Crise thaïlandaise - Les royalistes réclament la loi martiale

Une royaliste thaïlandaise dans la rue, hier à Bangkok
Photo: Agence Reuters Éric Gaillard Une royaliste thaïlandaise dans la rue, hier à Bangkok

Bangkok — Les royalistes thaïlandais des «chemises jaunes» (pro-gouvernement) ont réclamé hier la proclamation de la loi martiale, une semaine après leur ultimatum au premier ministre pour qu'il déloge du centre de Bangkok leurs ennemis intimes, les «chemises rouges».

Le camp monarchiste a averti qu'il prendrait des mesures pour «protéger la nation» si le gouvernement restait impuissant à disperser les milliers de «chemises rouges» qui occupent une partie du centre de la capitale et exigent la tête du premier ministre, Abhisit Vejjajiva.
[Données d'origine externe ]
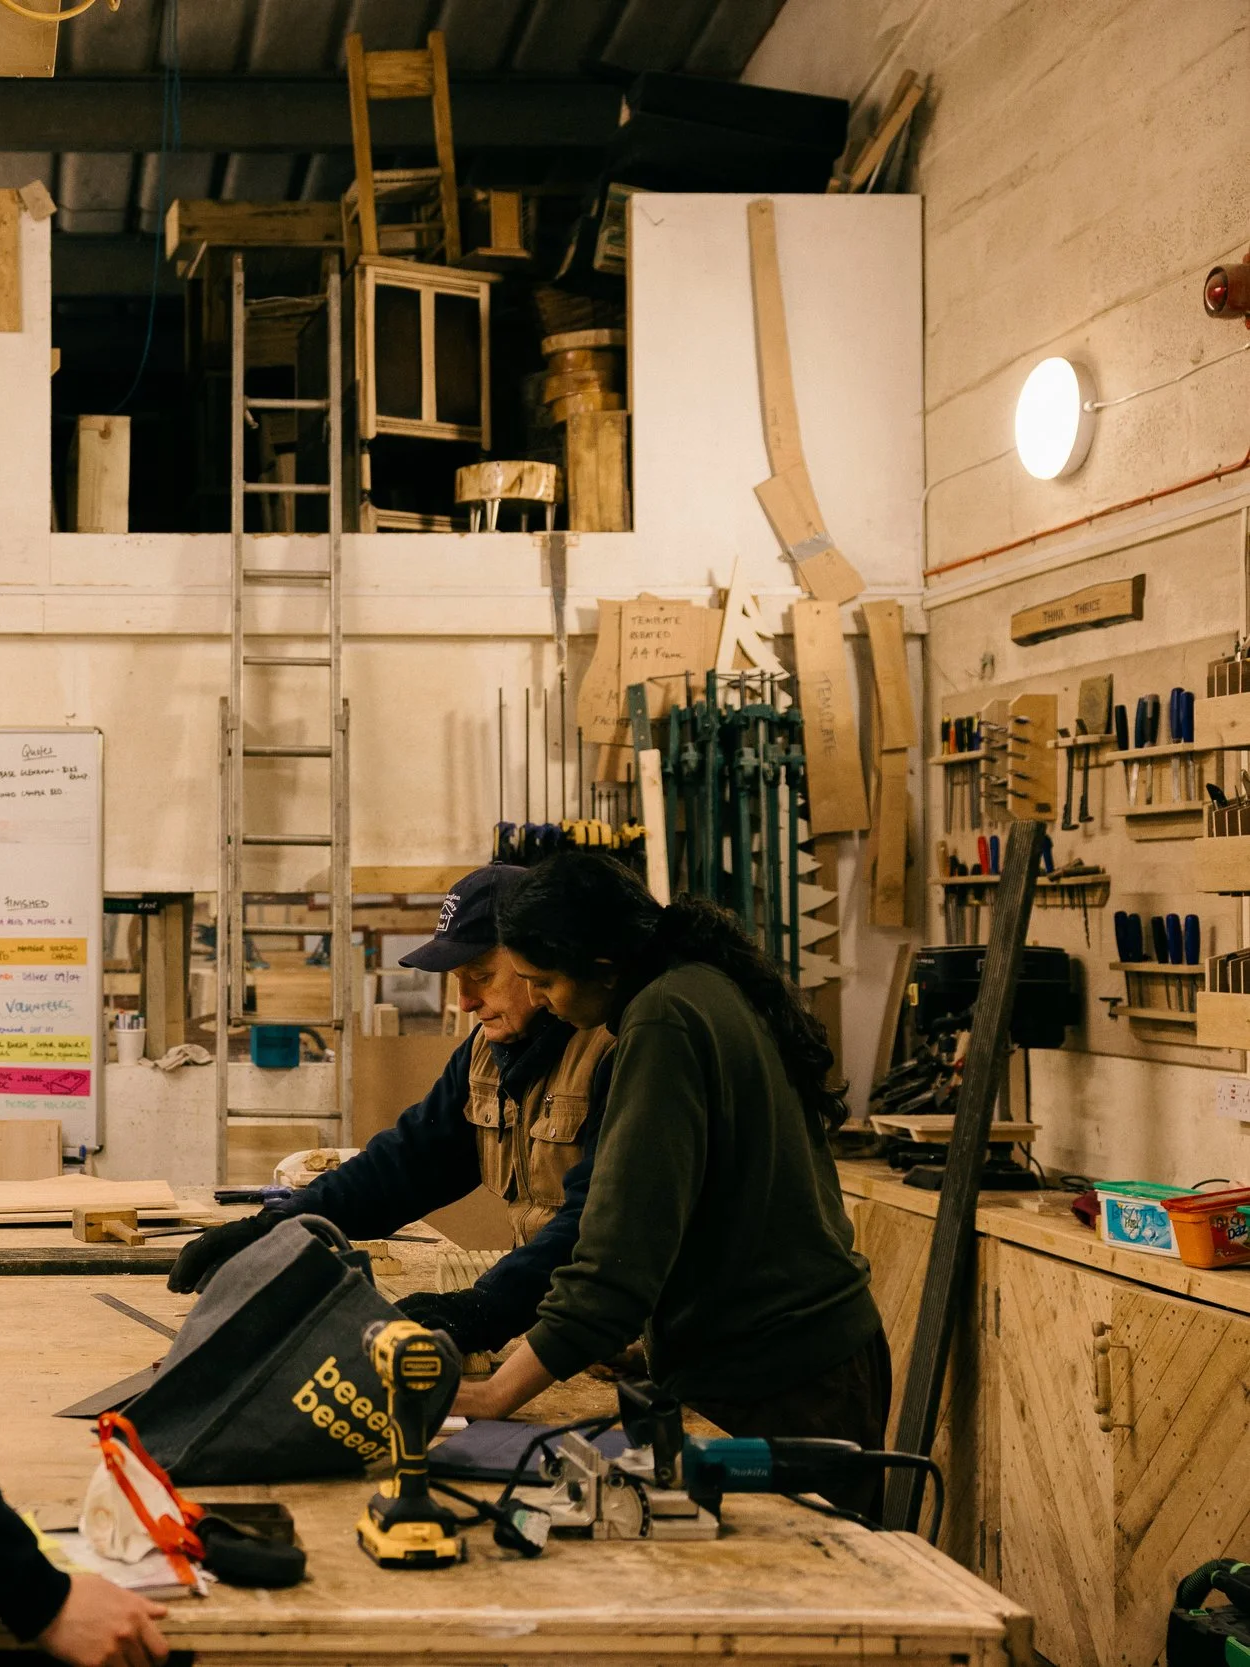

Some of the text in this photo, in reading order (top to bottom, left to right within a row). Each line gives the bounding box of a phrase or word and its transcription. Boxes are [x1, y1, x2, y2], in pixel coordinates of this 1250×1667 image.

[1042, 599, 1101, 624] THINK THRICE
[631, 615, 682, 626] TEMPLATE
[630, 646, 649, 660] A4
[21, 743, 53, 758] Quotes
[1228, 1224, 1247, 1240] Daz
Pour la première fois depuis le début de la crise, mi-mars, le roi de Thaïlande Bhumibol Adulyadej s'est exprimé à la télévision en exhortant des magistrats récemment nommés à remplir leur devoir. Dépourvu de prérogatives institutionnelles, le monarque demeure une figure révérée de ses sujets. Mais il n'a pas fait directement allusion à la situation politique, qui a pris une tournure violente depuis les affrontements du 10 avril et les attaques à la grenade de la semaine dernière ayant fait au total 26 morts et près de 1000 blessés.
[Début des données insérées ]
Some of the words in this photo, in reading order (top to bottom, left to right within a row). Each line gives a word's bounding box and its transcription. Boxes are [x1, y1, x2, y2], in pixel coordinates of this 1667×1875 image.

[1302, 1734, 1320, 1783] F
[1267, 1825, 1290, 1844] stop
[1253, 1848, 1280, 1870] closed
«Travailler avec honnêteté permettra au pays d'avancer et de constituer un exemple, a estimé le souverain de 82 ans, dans l'hôpital où il reçoit des soins depuis septembre. Si vous restez fidèles à votre serment, cela aidera le pays à rester en ordre».

Le bras de fer se poursuivait hier entre le pouvoir et les «rouges», contre lesquels le camp monarchiste a exigé des mesures radicales.

Les «chemises jaunes» se posent en garantes de la monarchie face aux «rouges», opposants inspirés notamment par l'ex-premier ministre en exil Thaksin Shinawatra, et qu'ils qualifient de «terroristes».